The game proceeds in turns:
- Your friend goes first.
- If the bullet is in the chamber they fire, they lose immediately.
- Otherwise, the turn passes to you.
- The game continues until someone loses.
Step 2: Analyzing Possible Bullet Positions
Let’s label the chambers \(1\) to \(6\), where \(1\) is the chamber fired first, \(2\) is fired second, and so on.
- If the bullet is in chamber \(1\), your friend loses immediately.
- If the bullet is in chamber \(2\), you lose immediately.

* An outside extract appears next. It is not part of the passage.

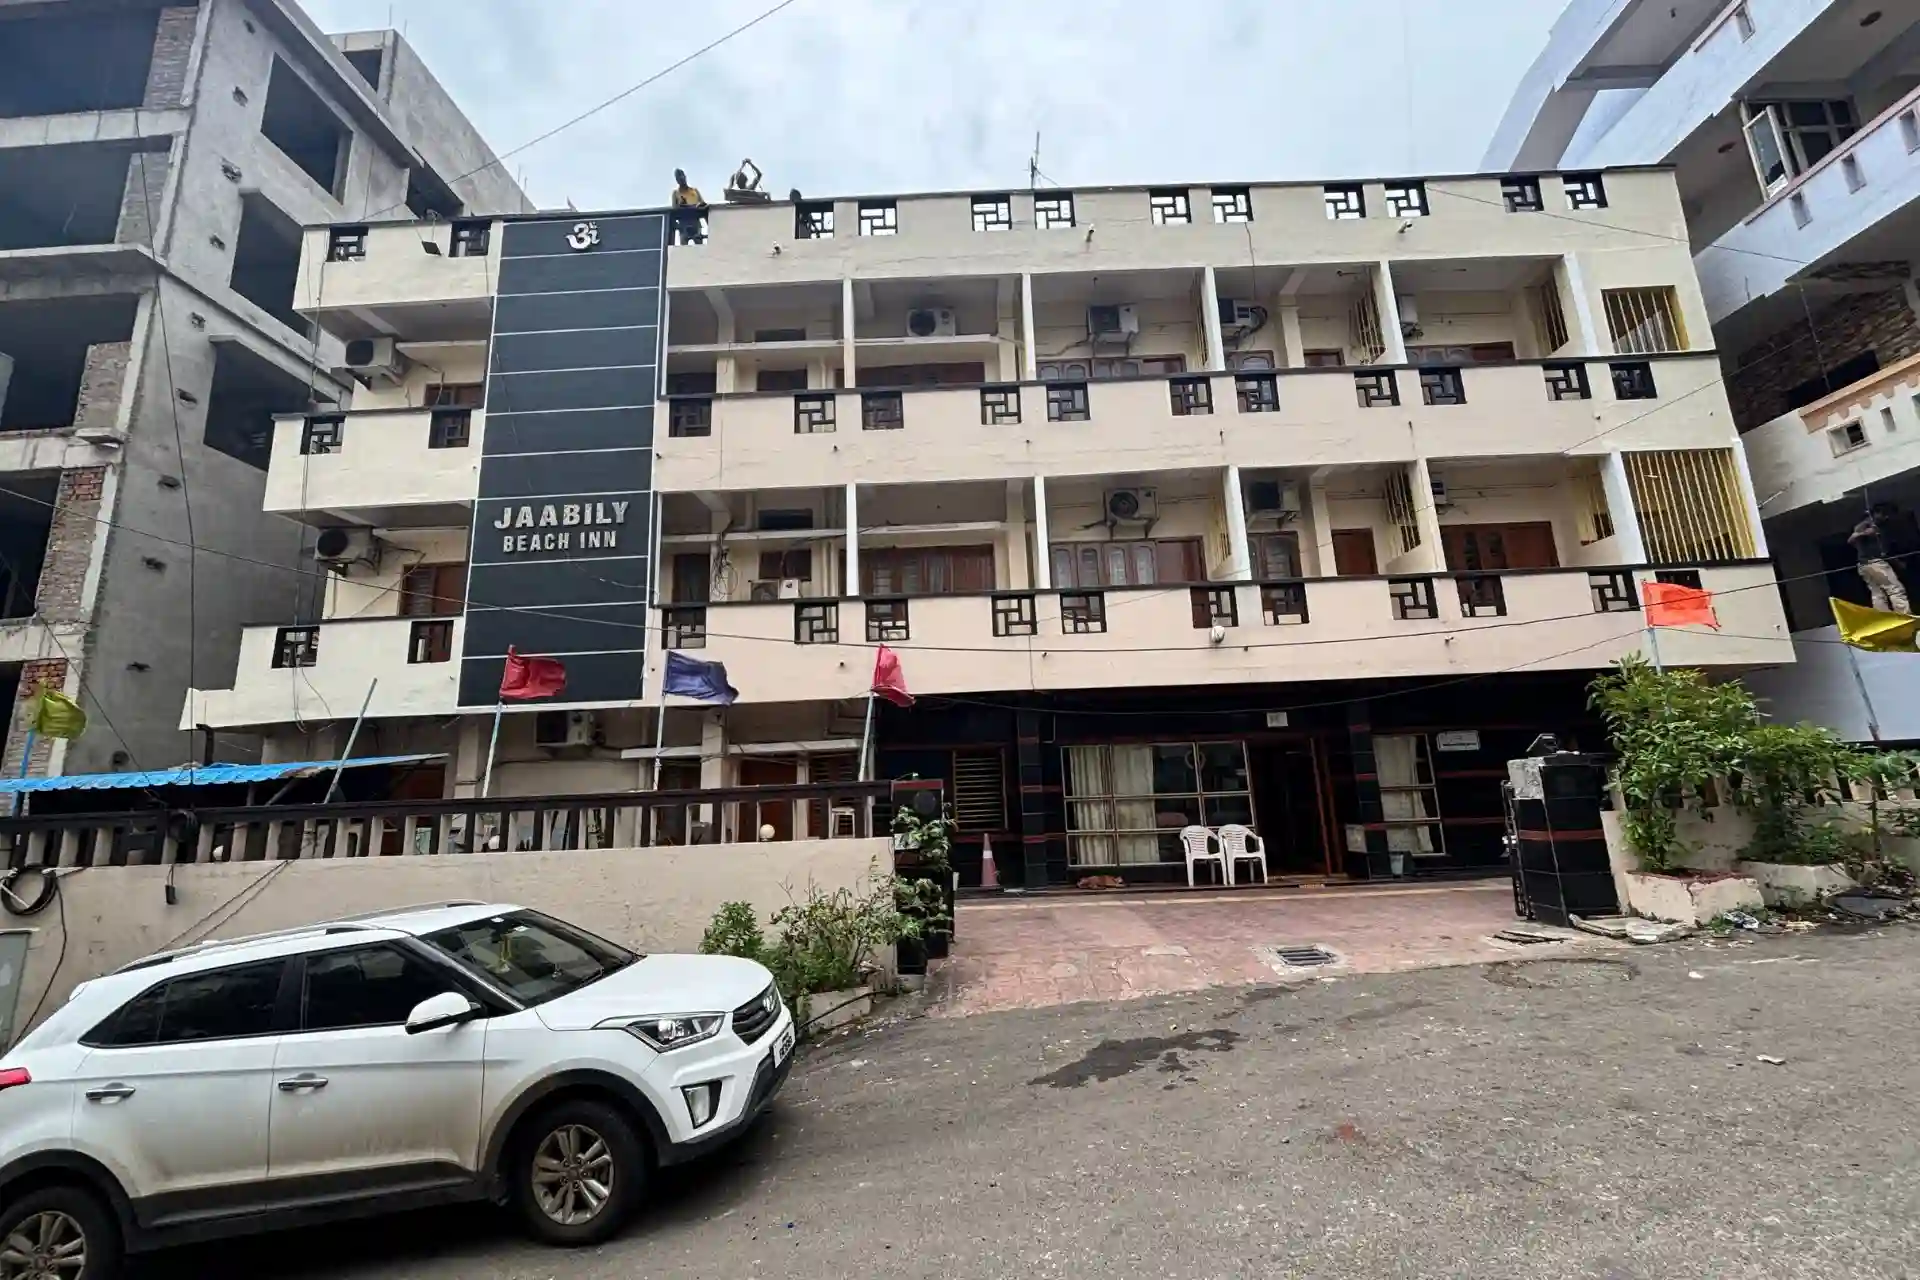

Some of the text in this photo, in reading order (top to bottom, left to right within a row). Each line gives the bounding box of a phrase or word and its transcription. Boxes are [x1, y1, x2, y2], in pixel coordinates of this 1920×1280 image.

- If the bullet is in chamber \(3\), your friend fires an empty chamber, then you fire an empty chamber, then your friend fires chamber \(3\) and loses.
- If the bullet is in chamber \(4\), you lose (similar reasoning).
- If the bullet is in chamber \(5\), your friend loses.
- If the bullet is in chamber \(6\), you lose.
Thus, we win if the bullet is in chambers \(1\), \(3\) or \(5\).
Step 3: Computing the Probability
Since each chamber is equally likely to contain the bullet, the probability of each case is:
\[\mathbb{P}(\text{Bullet in chamber } i) = \frac{1}{6}\]From our analysis, we win in 3 out of the 6 cases (chambers \(1\), \(3\) and \(5\)).
Thus, the probability of winning is:
\[\frac{3}{6} = \frac{1}{2}\]Thus, the probability that we will win is \(\frac{1}{2}\)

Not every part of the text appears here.